PINRANG.24JAMNEWS.COM - Situasi geopolitik di kawasan Timur Tengah yang terus bergejolak memaksa Pemerintah Indonesia mengambil langkah proteksi ekstra terhadap warga negaranya.
Mengingat kondisi keamanan yang fluktuatif dan berisiko tinggi bagi perjalanan lintas negara, otoritas terkait secara resmi meminta masyarakat untuk meninjau ulang rencana ibadah ke tanah suci.
Kebijakan penundaan ini diambil sebagai bentuk mitigasi risiko guna menjamin keselamatan jemaah Indonesia di tengah ketegangan yang meningkat di wilayah tersebut.
Wakil Menteri Haji dan Umrah (Wamenhaj) RI, Dahnil Anzar Simanjuntak, menegaskan bahwa keputusan ini murni didasarkan pada prinsip kehati-hatian negara.
Ia meminta jemaah yang sudah menjadwalkan keberangkatan dalam waktu dekat untuk bersabar hingga situasi dinilai benar-benar aman.
“Mempertimbangkan kondisi Timur Tengah yang tidak menentu dan eskalasinya semakin tinggi, kami mengimbau jemaah umrah yang akan berangkat dalam waktu dekat untuk menunda keberangkatannya,” ujar Dahnil Anzar Simanjuntak dalam pernyataan resminya di Jakarta, Minggu, 1 Maret 2026.
Bagi masyarakat yang saat ini telah berada di Arab Saudi, pemerintah menginstruksikan agar tetap tenang dan mengikuti arahan otoritas setempat.

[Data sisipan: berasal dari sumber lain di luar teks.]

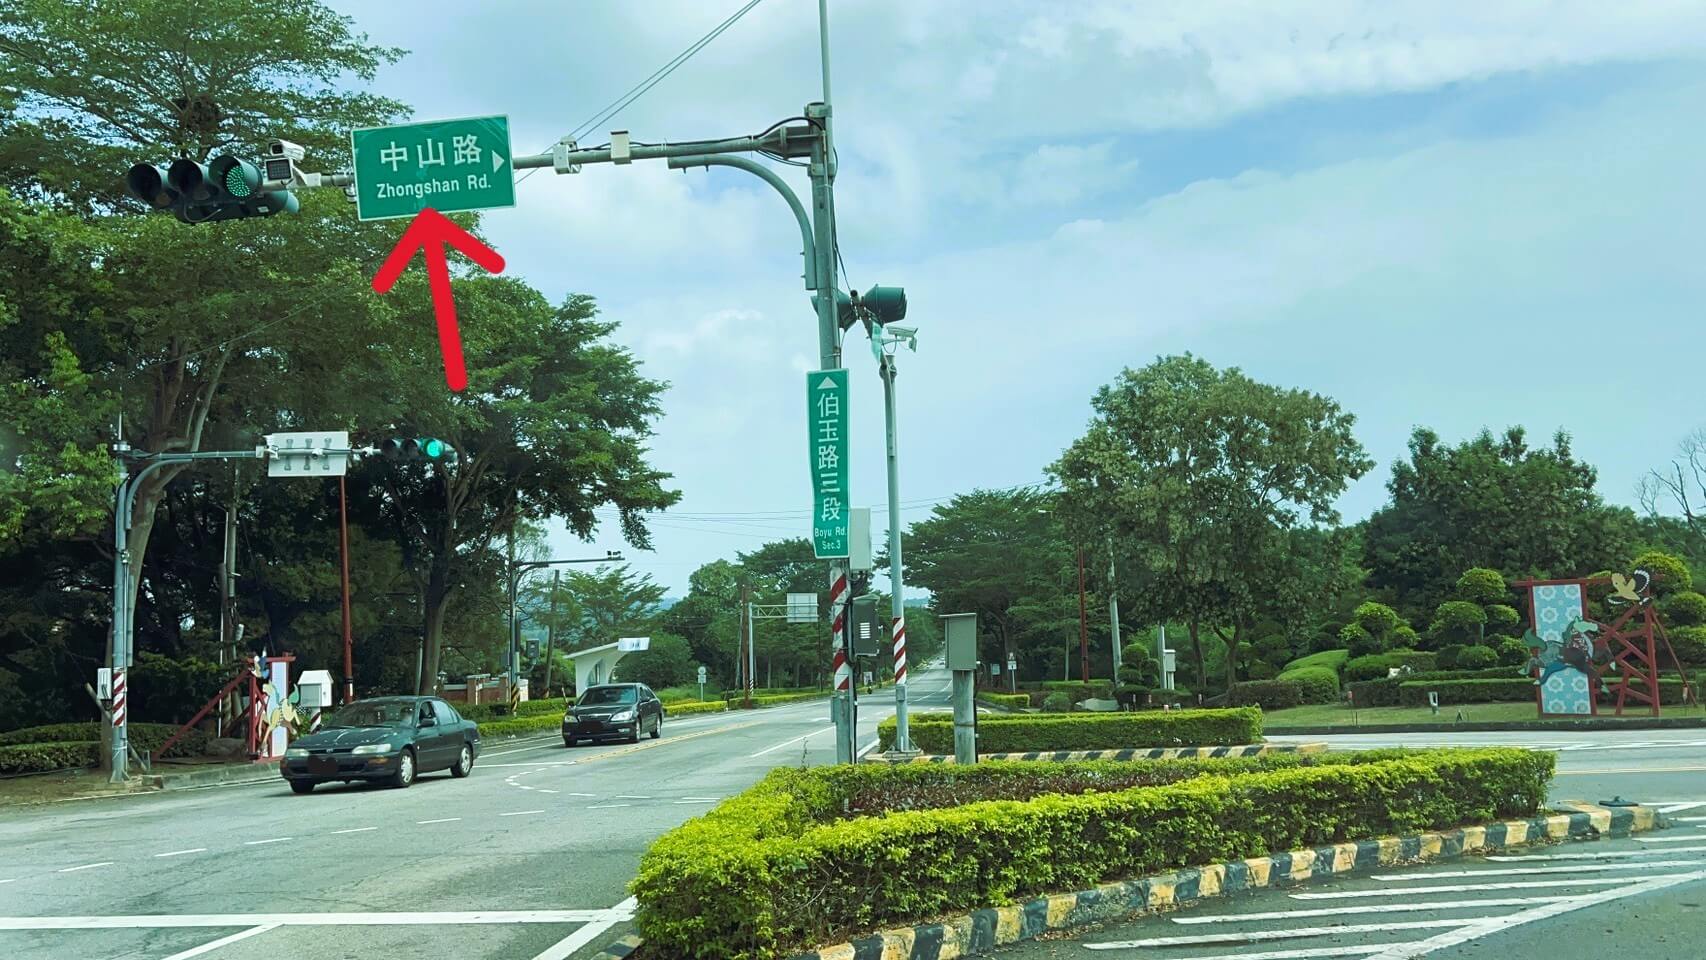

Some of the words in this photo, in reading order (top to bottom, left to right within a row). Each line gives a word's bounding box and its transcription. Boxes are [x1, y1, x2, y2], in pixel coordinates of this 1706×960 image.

Saat ini, Kementerian Haji dan Umrah bersama kementerian terkait terus menjalin komunikasi intensif dengan pihak maskapai serta Penyelenggara Perjalanan Ibadah Umrah (PPIU) untuk menjamin hak-hak jemaah, terutama terkait akomodasi bagi mereka yang mengalami kendala kepulangan.
Dahnil memastikan bahwa pemerintah akan terus berupaya menyediakan fasilitas yang layak bagi jemaah yang tertahan akibat gangguan jadwal penerbangan.
“Kami terus berkoordinasi dengan pihak Arab Saudi, maskapai, dan PPIU agar jemaah yang tertunda kepulangannya dapat ditampung di hotel maupun tempat-tempat lain yang aman dan layak,” jelas Dahnil mengenai langkah teknis perlindungan jemaah.